The use of steroids to enhance the appearance and performance of horses has been recently spotlighted because of the unfortunate incident of Eight Belles. The champion filly was euthanized on the track during the 134th Kentucky Derby held at Churchill Downs on May 3. In said event, Eight Belles has finished second to Big Brown.

Speculations abound that the Belmont Stakes could be the last legally steroid-fueled race. With the Congress’ scheduled hearing this month regarding steroid use and other concerns on horse safety, the bet is it would be for the total ban of this practice.

Use of steroids is still considered legal in many states, although it may face a complete prohibition through the initiative of the Racing Medication and Testing Consortium. Before the consortium’s action, steroids are banned only in state of Iowa. This year, however, nine other states issued bans.

Anabolic steroids are used on horses primarily to speed up recovery of horses suffering from illnesses, injury, or extreme stress. These compounds promote erythropoiesis (red blood cell production), protein synthesis, healthy appetite, among other things.
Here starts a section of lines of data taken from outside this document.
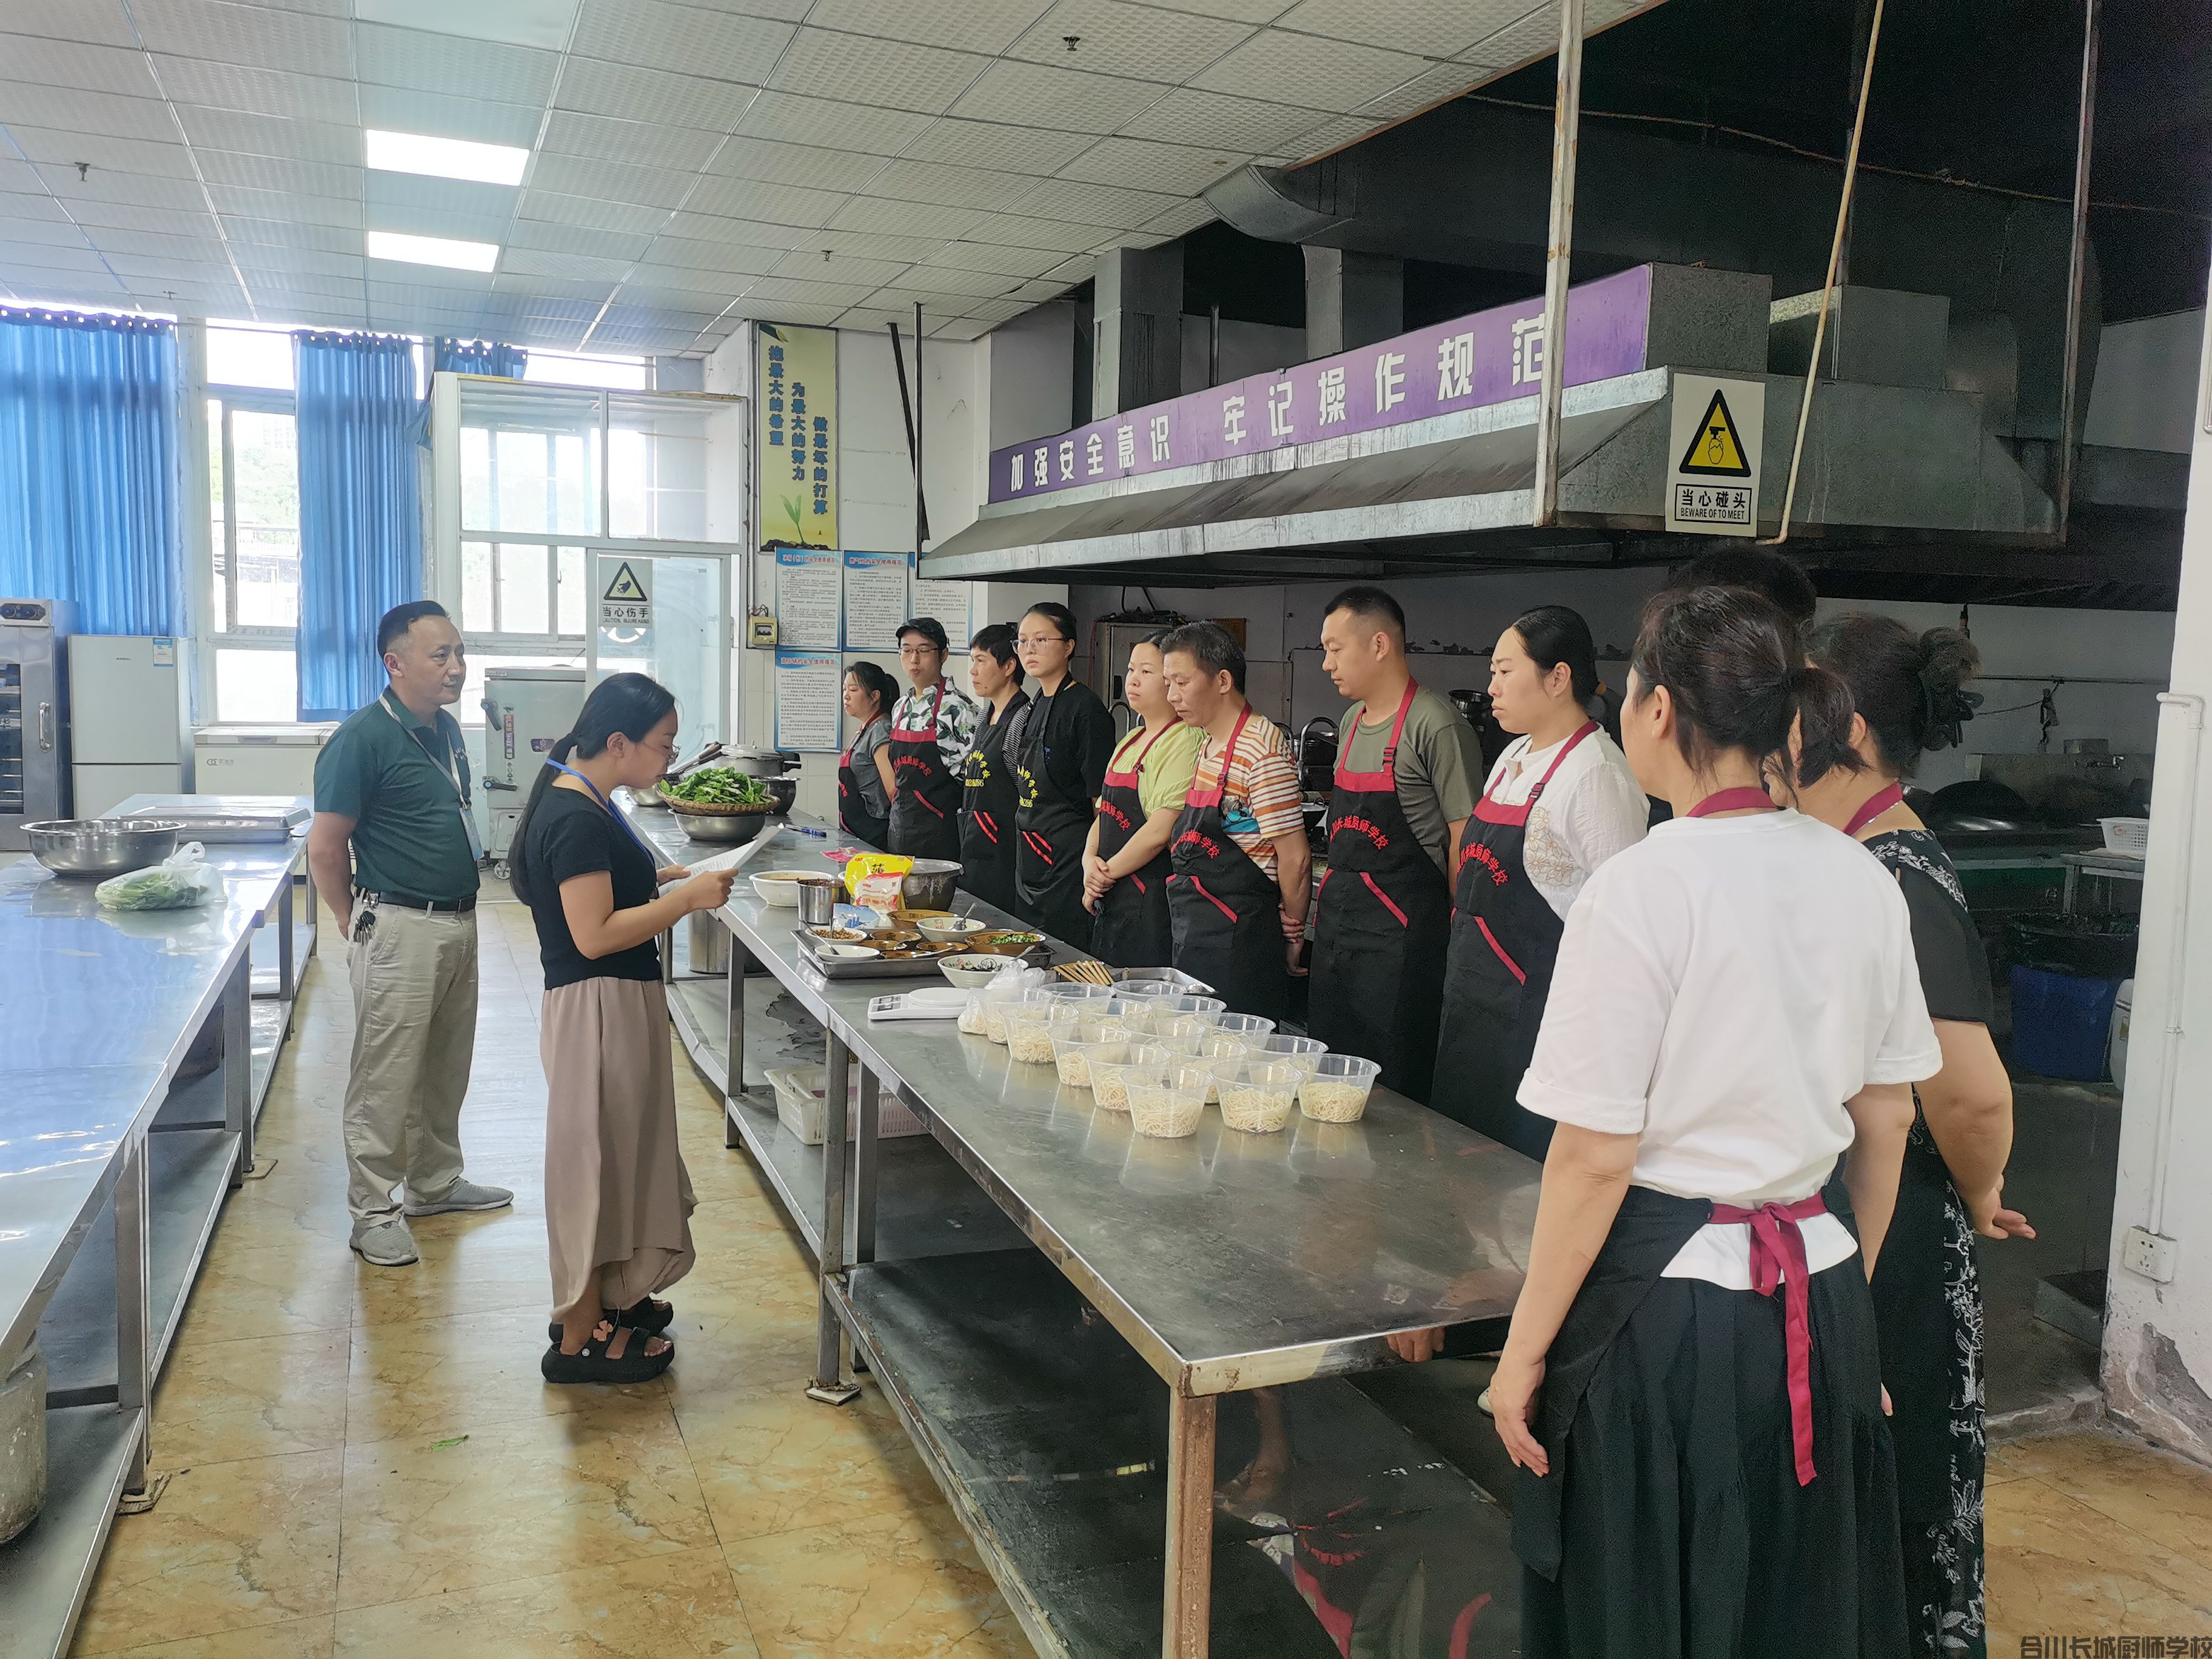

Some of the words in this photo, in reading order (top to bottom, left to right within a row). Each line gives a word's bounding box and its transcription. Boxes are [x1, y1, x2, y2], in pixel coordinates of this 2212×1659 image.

[1011, 415, 1170, 492] 加强安全意识
[1223, 313, 1545, 446] 牢记操作规范
[791, 382, 806, 481] 为最大的努力
[813, 417, 828, 515] 做最坏的打算
[1680, 508, 1708, 518] BEWARE
[1709, 509, 1717, 518] OF
[1718, 509, 1727, 518] TO
[1728, 510, 1745, 520] MEET
[1681, 489, 1746, 509] 当心碰头
[602, 606, 649, 618] 当心伤手
[1457, 842, 1509, 886] 川长城厨师学校
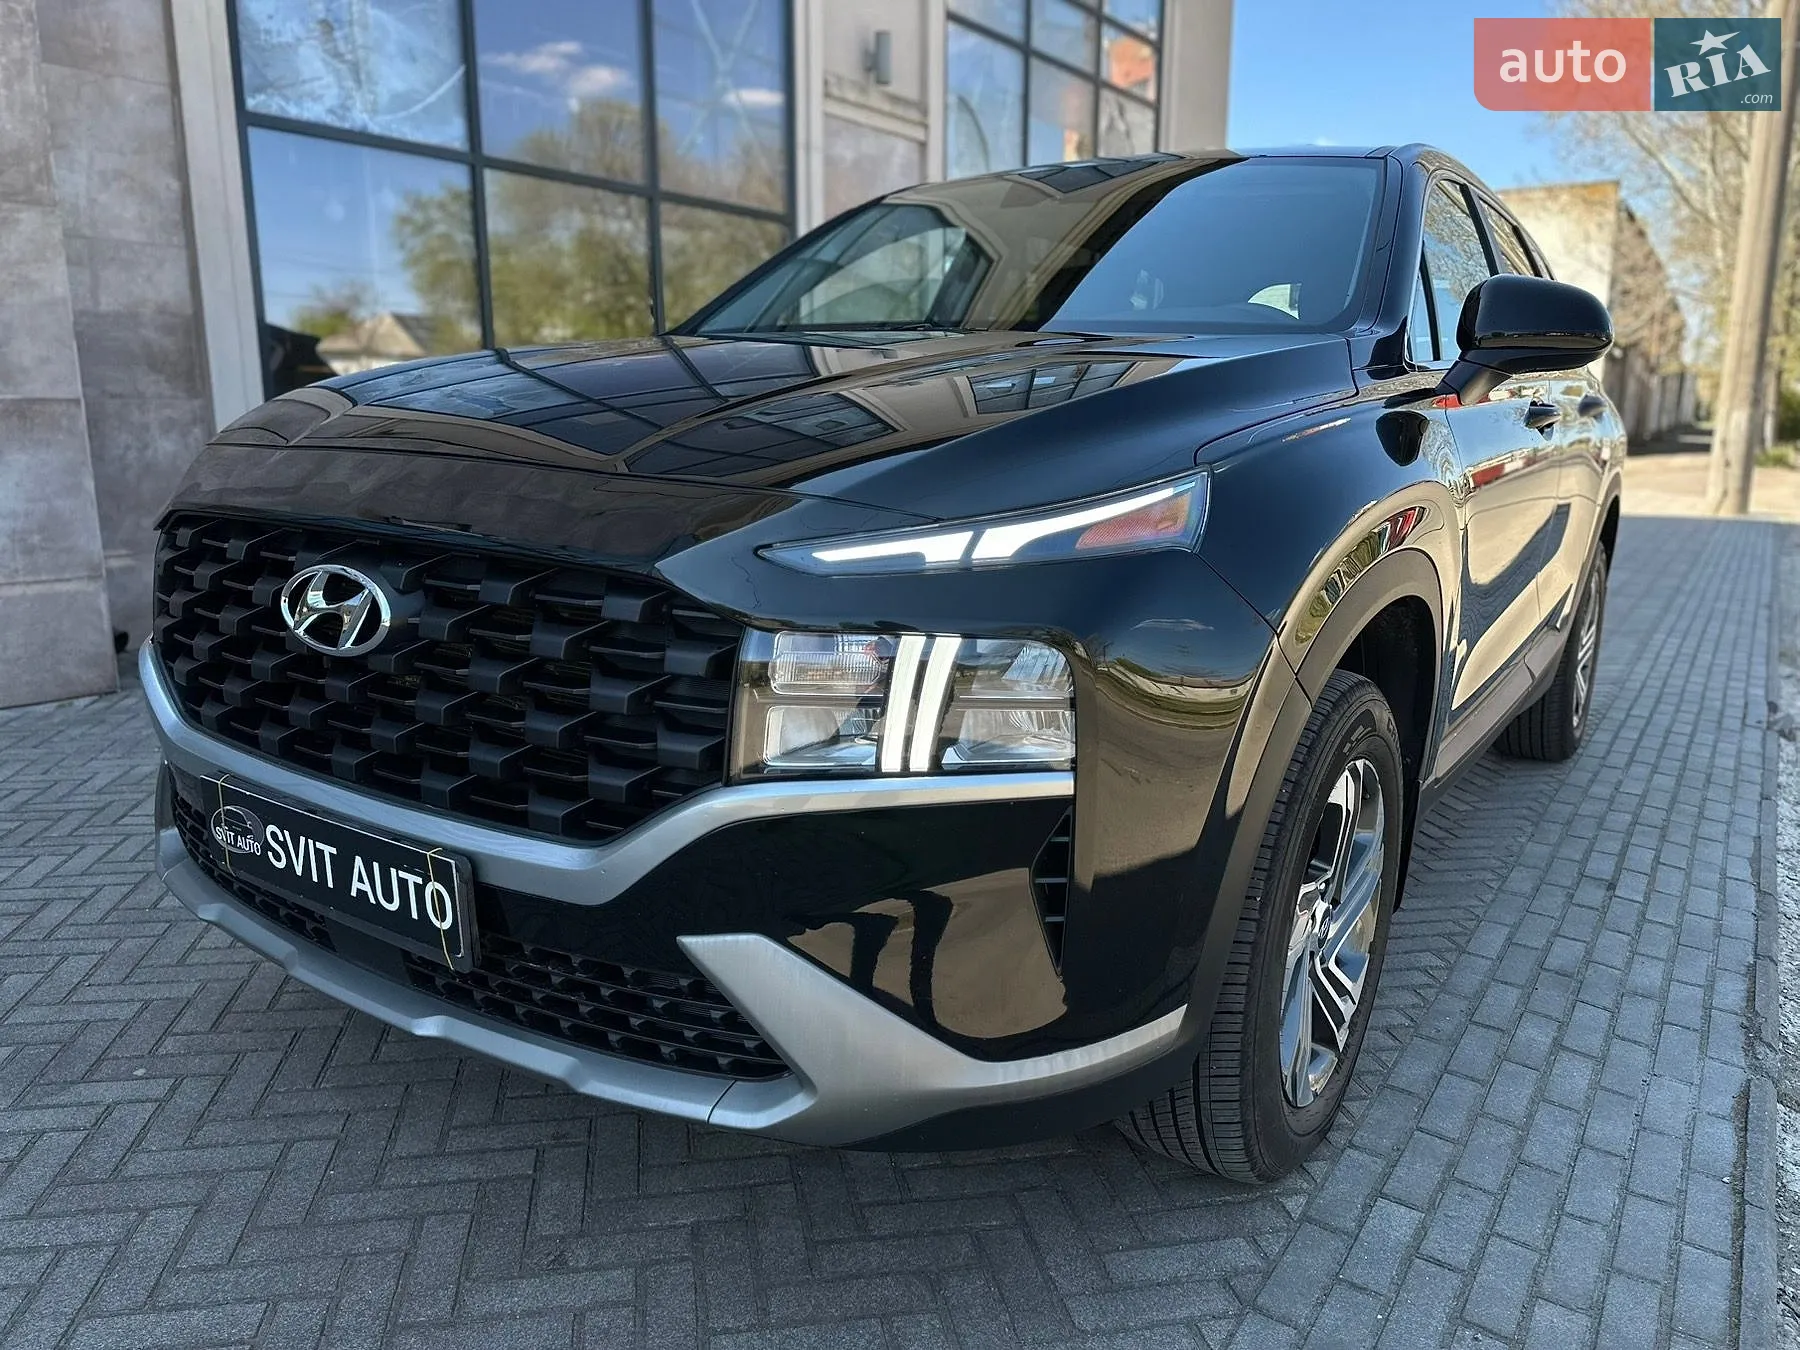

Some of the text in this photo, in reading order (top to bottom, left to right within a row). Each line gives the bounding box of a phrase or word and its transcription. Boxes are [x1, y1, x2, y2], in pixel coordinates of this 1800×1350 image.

[215, 826, 261, 856] SVIT AUTO
[265, 824, 453, 930] SVIT AUTO
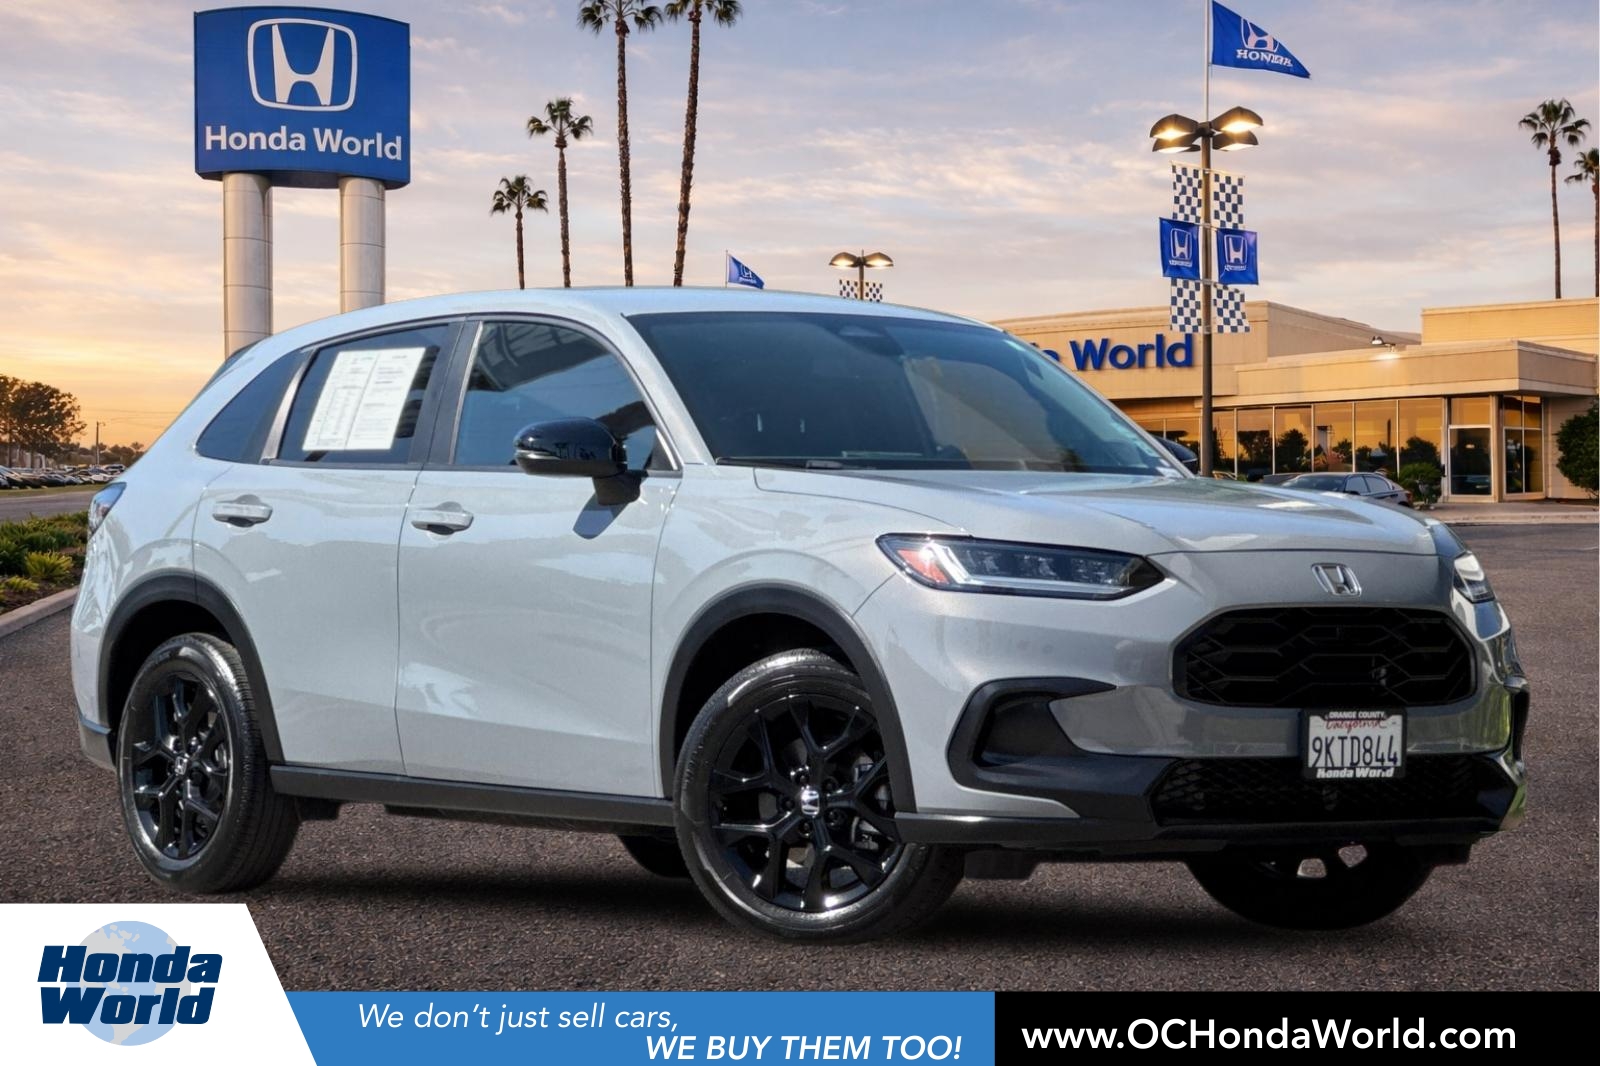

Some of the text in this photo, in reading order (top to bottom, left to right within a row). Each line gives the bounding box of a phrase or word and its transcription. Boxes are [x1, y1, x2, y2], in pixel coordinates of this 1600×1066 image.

According Dr. Rick Arthur, equine medical director for the California Horse Racing, steroids “typically are used in horses for the mental attitude.” He added that “they make them more aggressive horses, able to withstand the rigors of training a bit more.”

Winstrol, one of four steroids approved by the FDA for use on horses, is advertised as a substance that corrects nitrogen imbalance without the undesirable effects of unmanageable behavior, aggressive tendencies, and impaired reproductive activity.   Winstrol is also one of the popular brands of anabolic steroids used by many athletes. Olympic sprinter Ben Johnson has reportedly used Winstrol to enhance his performance on the track.